REQUIRED ACTION –
A verbatim restatement of the data, free of pictures, is what you should output.

DATA UNDER STUDY –
+++

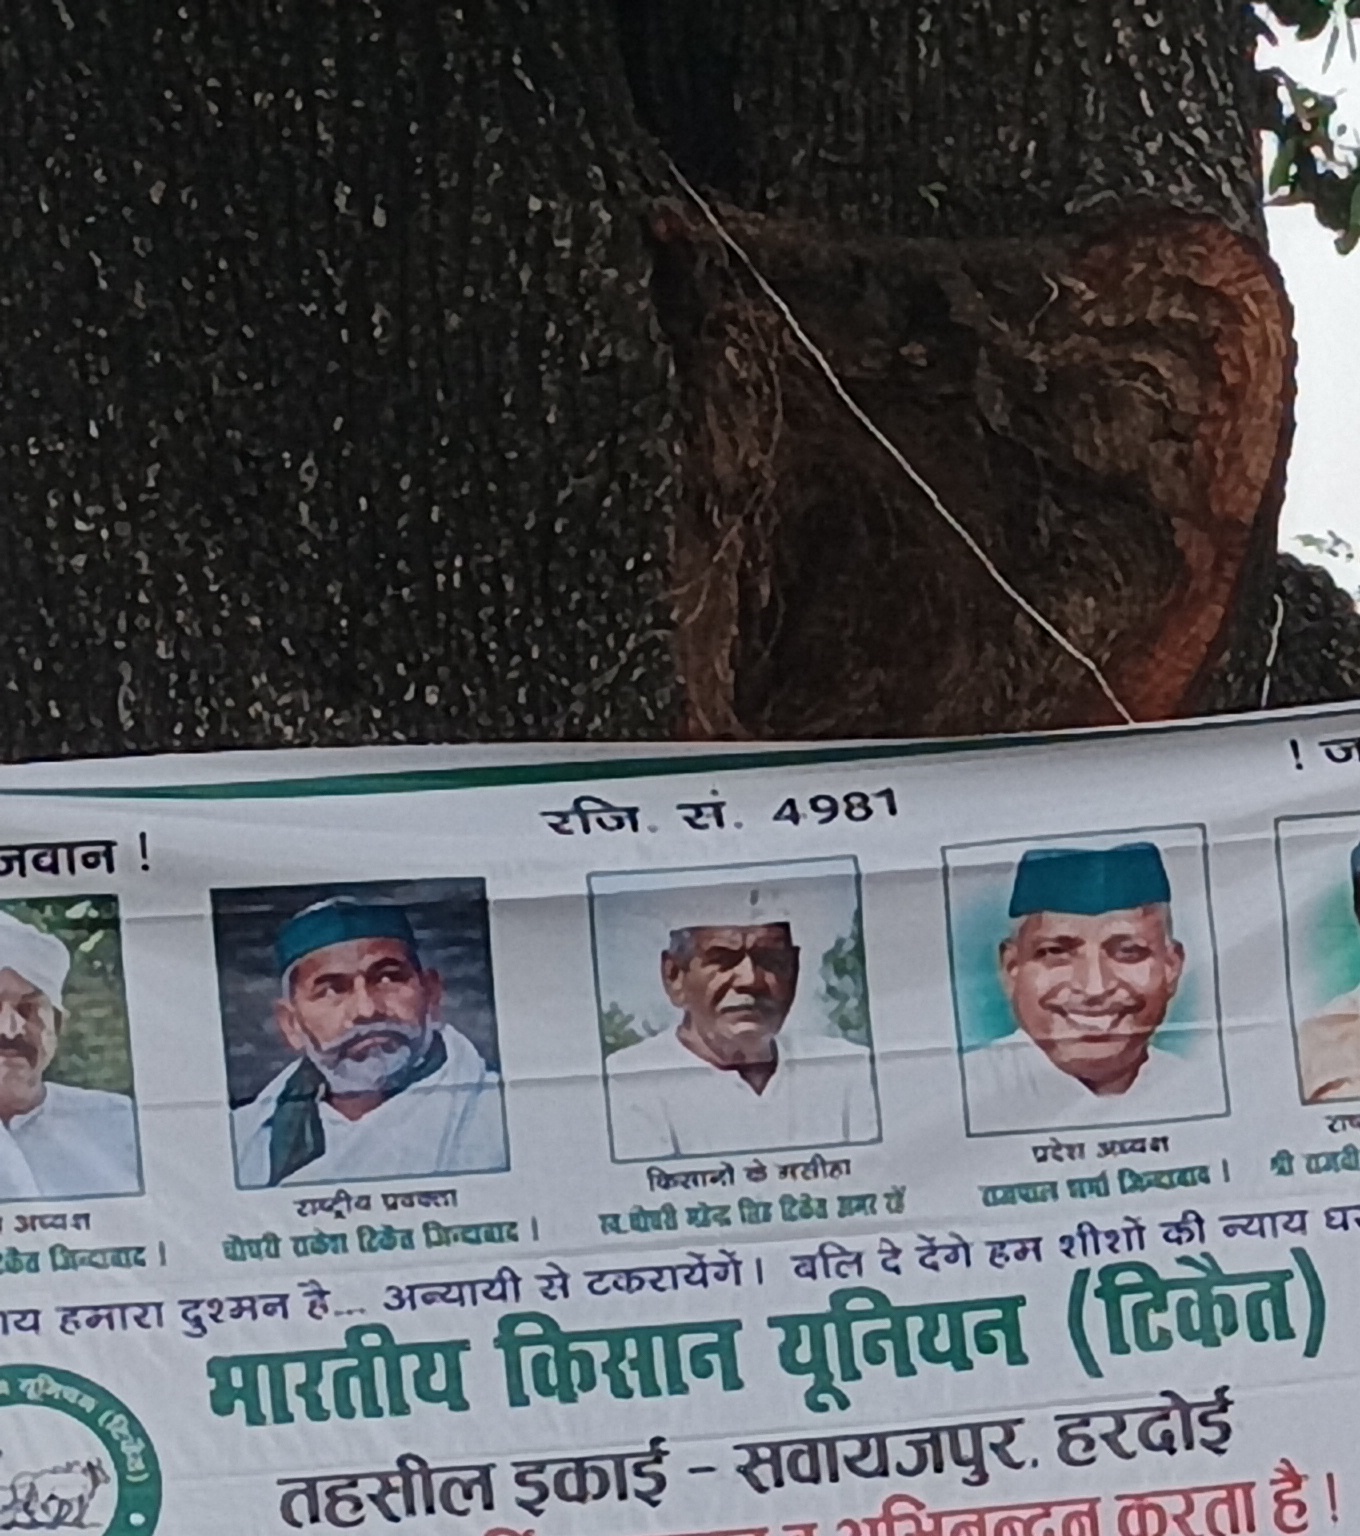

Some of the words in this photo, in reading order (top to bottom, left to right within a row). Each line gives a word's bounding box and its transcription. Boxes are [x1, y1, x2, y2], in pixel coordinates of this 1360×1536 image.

[772, 787, 898, 827] 4981
[56, 1301, 165, 1336] हमारा
[178, 1292, 290, 1339] दुश्मन
[383, 1265, 522, 1312] अन्यायी
[535, 1261, 570, 1301] से
[789, 1241, 863, 1282] बलि
[877, 1237, 902, 1276] दे
[985, 1236, 1043, 1270] हम
[1158, 1208, 1206, 1246] की
[1218, 1208, 1308, 1240] न्याय
[206, 1321, 471, 1428] भारतीय
[494, 1310, 745, 1408] किसान
[766, 1286, 1030, 1413] यूनियन
[1066, 1245, 1326, 1379] (टिकैत)
[276, 1452, 497, 1529] तहसील
[510, 1435, 671, 1517] इकाई
[1055, 1384, 1235, 1470] हरदोई

+++

TASK RESULT –
Some of the words in this photo, in reading order (top to bottom, left to right within a row). Each line gives a word's bounding box and its transcription. Boxes are [x1, y1, x2, y2], in pixel coordinates of this 1360×1536 image.

[772, 787, 898, 827] 4981
[56, 1301, 165, 1336] हमारा
[178, 1292, 290, 1339] दुश्मन
[383, 1265, 522, 1312] अन्यायी
[535, 1261, 570, 1301] से
[789, 1241, 863, 1282] बलि
[877, 1237, 902, 1276] दे
[985, 1236, 1043, 1270] हम
[1158, 1208, 1206, 1246] की
[1218, 1208, 1308, 1240] न्याय
[206, 1321, 471, 1428] भारतीय
[494, 1310, 745, 1408] किसान
[766, 1286, 1030, 1413] यूनियन
[1066, 1245, 1326, 1379] (टिकैत)
[276, 1452, 497, 1529] तहसील
[510, 1435, 671, 1517] इकाई
[1055, 1384, 1235, 1470] हरदोई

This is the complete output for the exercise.